Count twenty-one does not apply to this defendant.
Defendant moved to suppress physical evidence and for a Franks hearing pertaining to indictment number 15-10-1147. The court denied the motion in its October 18, 2016 order and accompanying oral opinion. The court reasoned that the discrepancies in defendant's height and weight were minor and insignificant because "the difference between five-feet-seven and five-feet-nine could be determined . . . [by] shoes one wears," and the twenty-pound weight discrepancy was "subjective" and can "vary depending on when the person is viewed." Regarding defendant's date of birth, the court noted it was only misstated once in Plumeri's affidavit and was accurately stated in the search warrants.

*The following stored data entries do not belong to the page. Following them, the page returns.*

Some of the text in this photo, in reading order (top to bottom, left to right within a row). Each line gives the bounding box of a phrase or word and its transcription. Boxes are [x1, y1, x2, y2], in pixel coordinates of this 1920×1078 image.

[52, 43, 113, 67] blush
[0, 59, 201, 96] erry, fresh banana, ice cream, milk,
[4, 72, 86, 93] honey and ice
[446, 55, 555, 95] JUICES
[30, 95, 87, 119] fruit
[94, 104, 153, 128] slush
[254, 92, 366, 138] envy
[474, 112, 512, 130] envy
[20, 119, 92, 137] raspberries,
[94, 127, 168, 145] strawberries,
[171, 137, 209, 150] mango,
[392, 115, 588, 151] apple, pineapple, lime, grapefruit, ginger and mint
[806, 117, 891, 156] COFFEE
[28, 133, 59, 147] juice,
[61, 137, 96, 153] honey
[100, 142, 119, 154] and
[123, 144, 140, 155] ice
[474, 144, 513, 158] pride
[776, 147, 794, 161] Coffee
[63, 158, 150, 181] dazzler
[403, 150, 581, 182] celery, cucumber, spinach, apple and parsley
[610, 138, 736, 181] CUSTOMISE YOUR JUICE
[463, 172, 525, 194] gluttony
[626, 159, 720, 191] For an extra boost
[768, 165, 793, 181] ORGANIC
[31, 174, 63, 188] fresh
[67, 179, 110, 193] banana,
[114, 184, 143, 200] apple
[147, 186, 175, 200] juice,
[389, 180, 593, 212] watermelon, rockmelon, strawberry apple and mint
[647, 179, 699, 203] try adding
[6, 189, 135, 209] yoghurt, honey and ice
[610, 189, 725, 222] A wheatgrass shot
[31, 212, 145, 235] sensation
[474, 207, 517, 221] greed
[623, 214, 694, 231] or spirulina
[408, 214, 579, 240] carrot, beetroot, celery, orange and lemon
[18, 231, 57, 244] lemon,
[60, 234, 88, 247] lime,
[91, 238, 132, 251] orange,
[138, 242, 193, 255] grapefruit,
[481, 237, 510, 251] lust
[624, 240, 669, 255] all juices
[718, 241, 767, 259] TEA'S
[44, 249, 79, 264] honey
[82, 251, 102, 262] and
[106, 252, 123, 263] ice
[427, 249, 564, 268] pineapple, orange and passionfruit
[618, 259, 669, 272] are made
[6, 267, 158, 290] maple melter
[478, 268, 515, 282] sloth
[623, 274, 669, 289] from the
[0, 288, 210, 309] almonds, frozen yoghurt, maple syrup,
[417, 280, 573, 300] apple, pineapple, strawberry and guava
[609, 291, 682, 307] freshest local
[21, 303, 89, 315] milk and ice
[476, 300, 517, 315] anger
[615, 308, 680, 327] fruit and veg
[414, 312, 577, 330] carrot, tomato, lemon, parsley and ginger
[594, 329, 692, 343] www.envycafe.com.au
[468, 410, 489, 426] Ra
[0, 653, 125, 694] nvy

In support of its findings, the court highlighted that Plumeri showed the CI a known photo of defendant, and the CI identified that individual as the man the CI "definitely" purchased drugs from. Therefore, the court found there was no material falsity surrounding defendant's identification. In addition, the court noted that Plumeri represented she personally purchased heroin from defendant during her undercover investigation.
The court emphasized that Plumeri conducted approximately "seven or eight undercover buys herself, hand-to-hand transactions with . . . defendant." The court found it was "more than likely" that the warrant-issuing judge "gave great weight to the affiant"-Plumeri-who personally conducted the stated transactions with defendant "as opposed to relying solely upon the reliability of the [CI]."

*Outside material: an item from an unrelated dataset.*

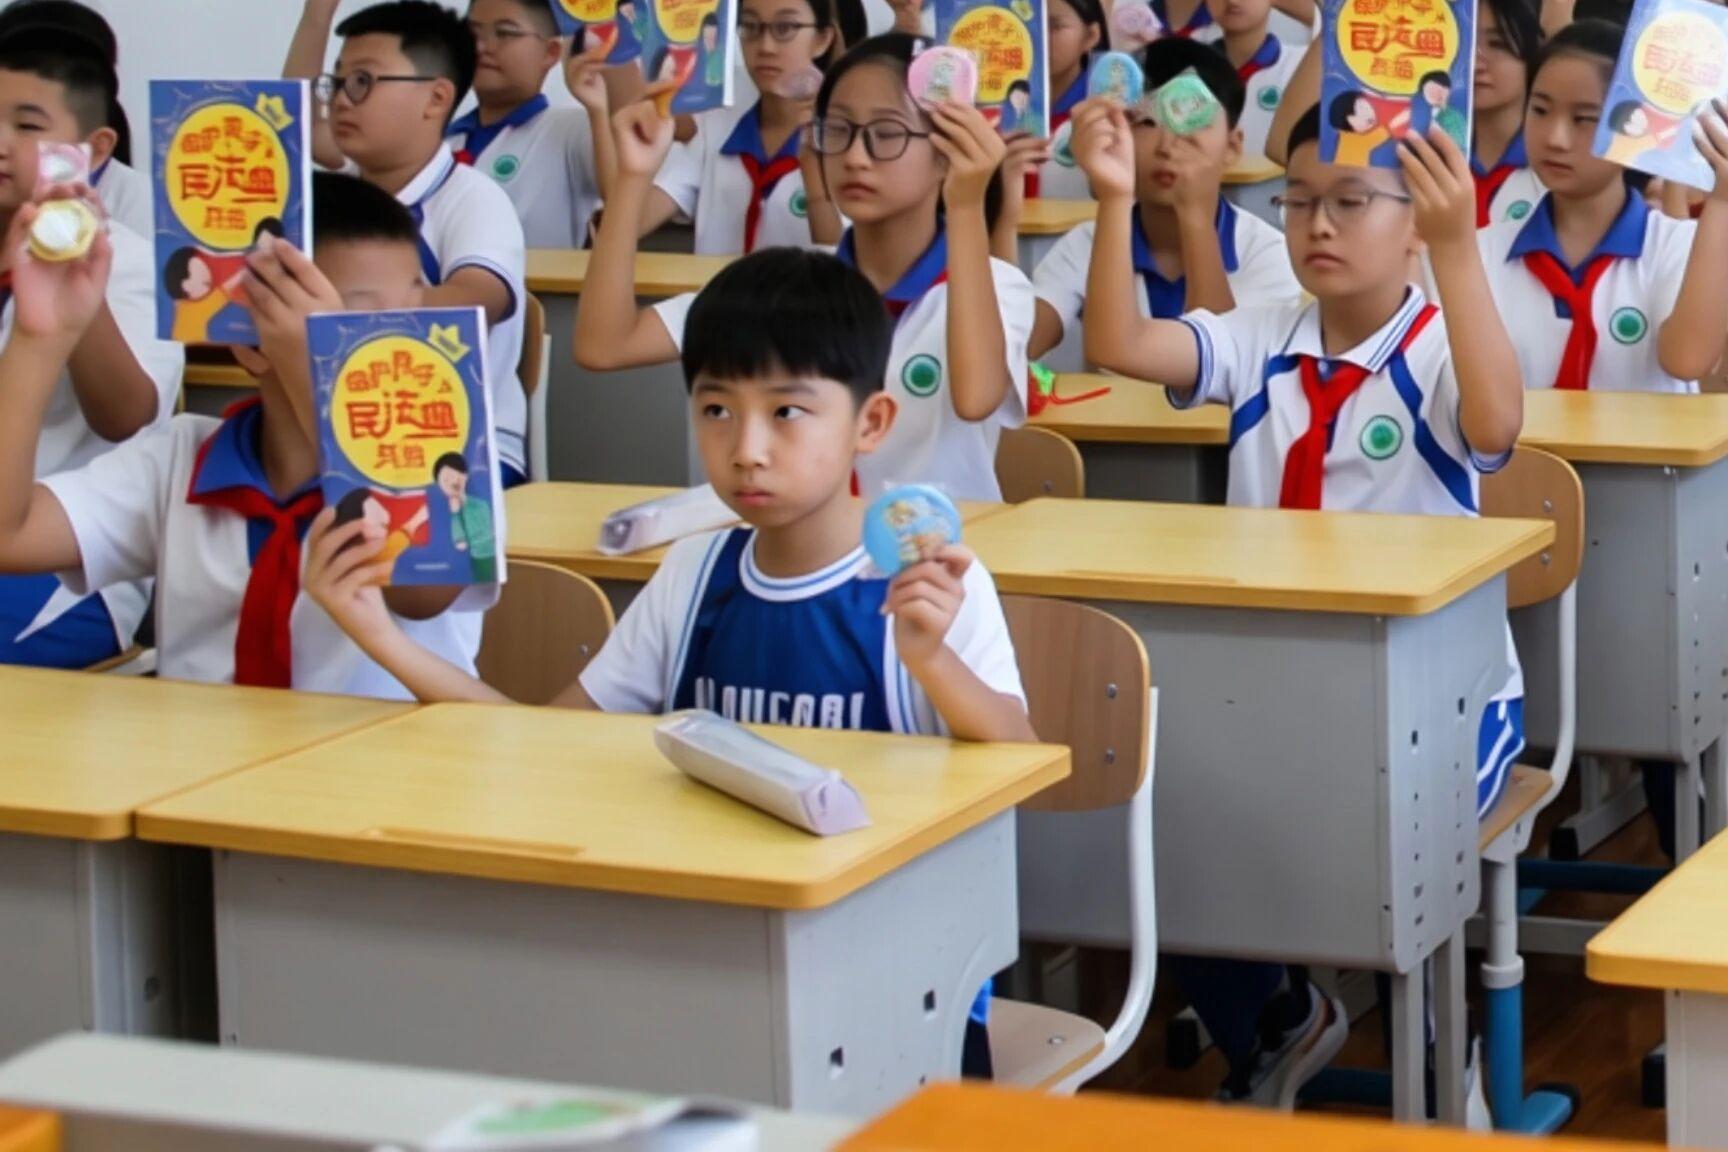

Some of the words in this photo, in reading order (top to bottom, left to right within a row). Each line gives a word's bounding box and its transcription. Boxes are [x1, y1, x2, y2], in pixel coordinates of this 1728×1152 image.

[1348, 14, 1445, 58] 民法典
[345, 389, 459, 440] 民法典
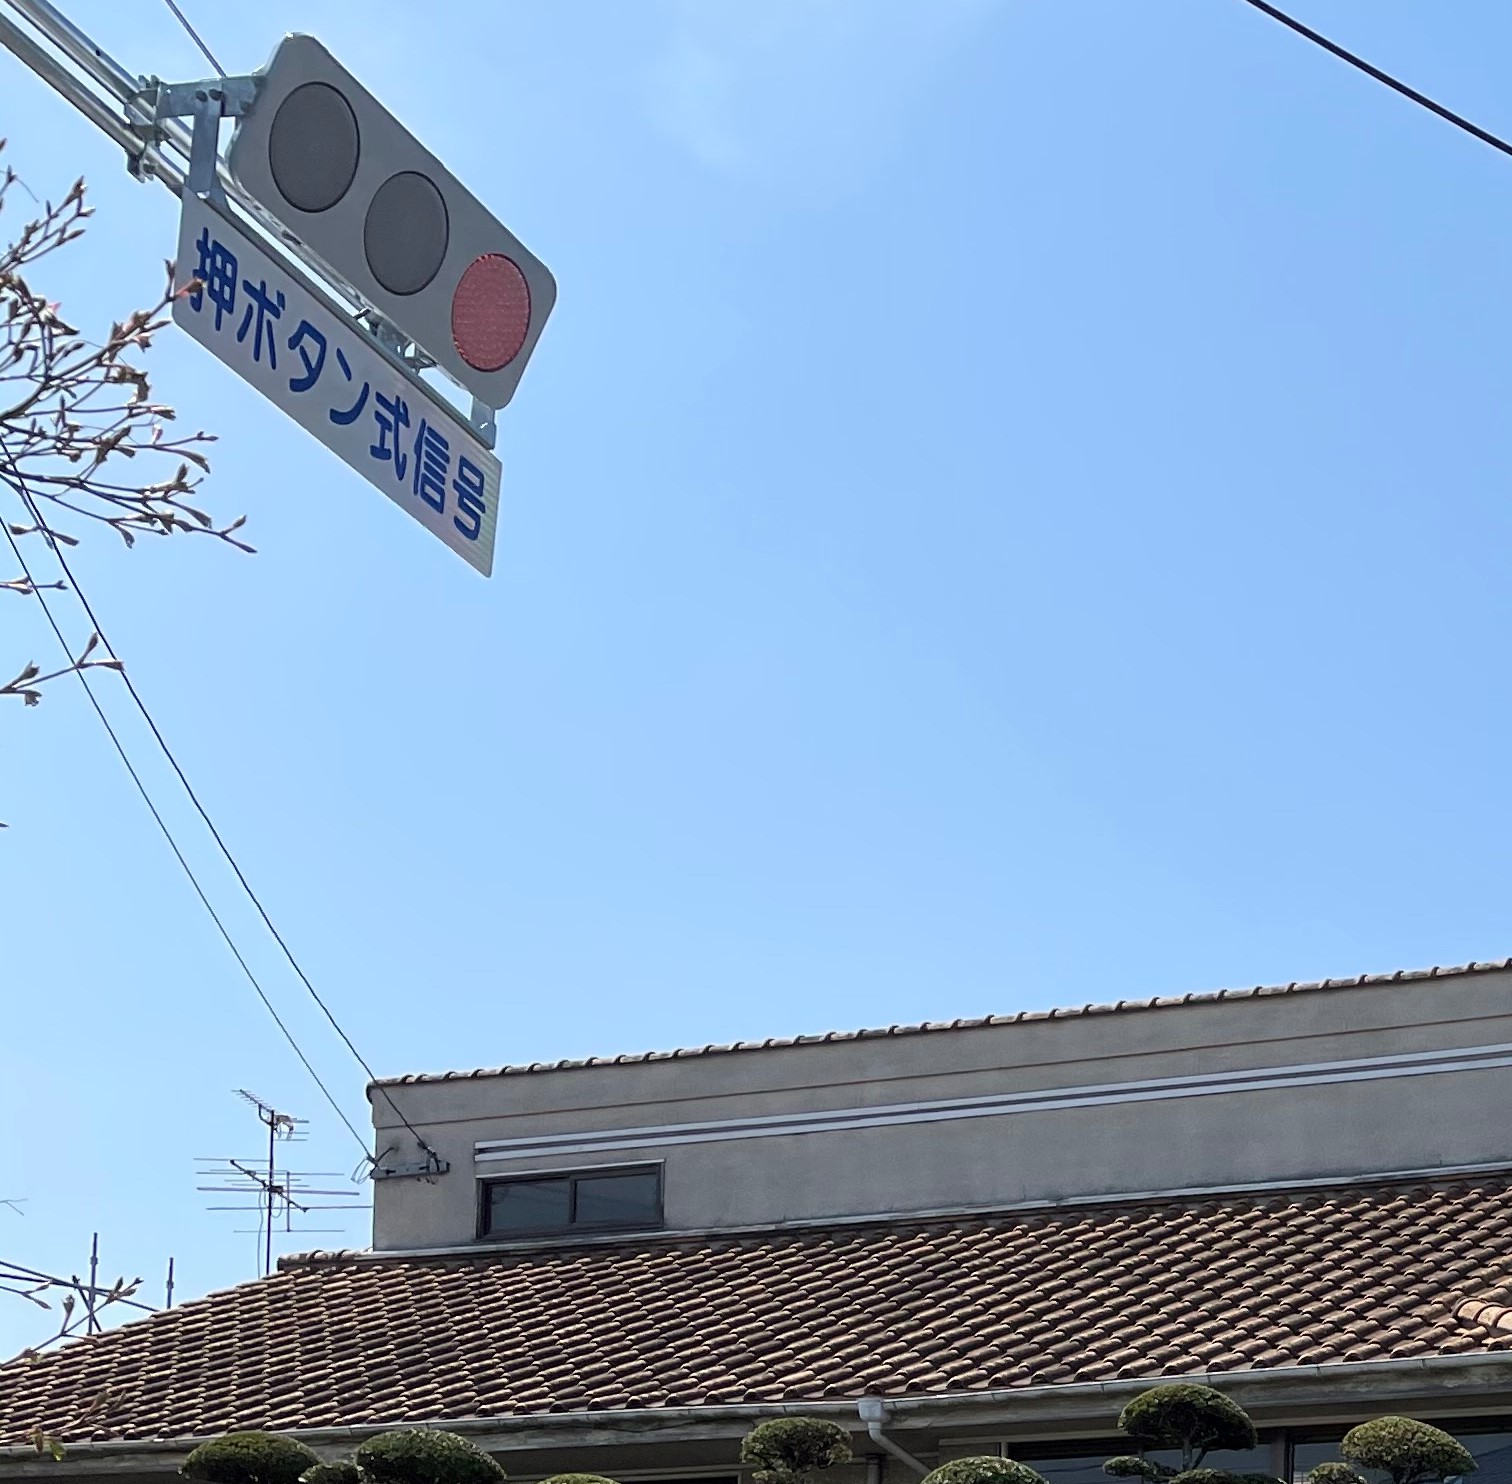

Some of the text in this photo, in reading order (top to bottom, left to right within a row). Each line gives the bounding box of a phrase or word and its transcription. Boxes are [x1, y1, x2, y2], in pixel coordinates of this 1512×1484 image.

[189, 226, 486, 542] 押ボタン式信号

The court also rejected defendant's argument that the CI's reliability was not established or demonstrated. Relying on Plumeri's affidavit, the court determined she represented the CI "worked for the Mercer County Prosecutor's Office Special Investigation[s] Unit in the past and ha[d] provided information that has led to the arrest of individuals for [CDS] offenses." In addition, the court noted that the CI provided "reliable" information in the instant case based "on personal knowledge."

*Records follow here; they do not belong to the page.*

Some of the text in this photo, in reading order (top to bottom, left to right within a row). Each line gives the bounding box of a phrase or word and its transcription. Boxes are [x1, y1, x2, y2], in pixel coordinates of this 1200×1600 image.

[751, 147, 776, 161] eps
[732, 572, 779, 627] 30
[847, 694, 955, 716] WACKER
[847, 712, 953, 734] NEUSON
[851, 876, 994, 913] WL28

The court highlighted Plumeri attesting to the CI purchased heroin from defendant "on several occasions during the last year," and that the CI observed defendant "in possession of a handgun, specifically in his waistband on several occasions." During a controlled buy in February 2015 between defendant and Plumeri, officers observed defendant operating a black Jeep Grand Cherokee exiting and returning to 88 Evans Avenue. The court noted there was "ample probable cause to connect defendant" to the addresses listed in the search warrants. The court concluded the CI's information was therefore "corroborated."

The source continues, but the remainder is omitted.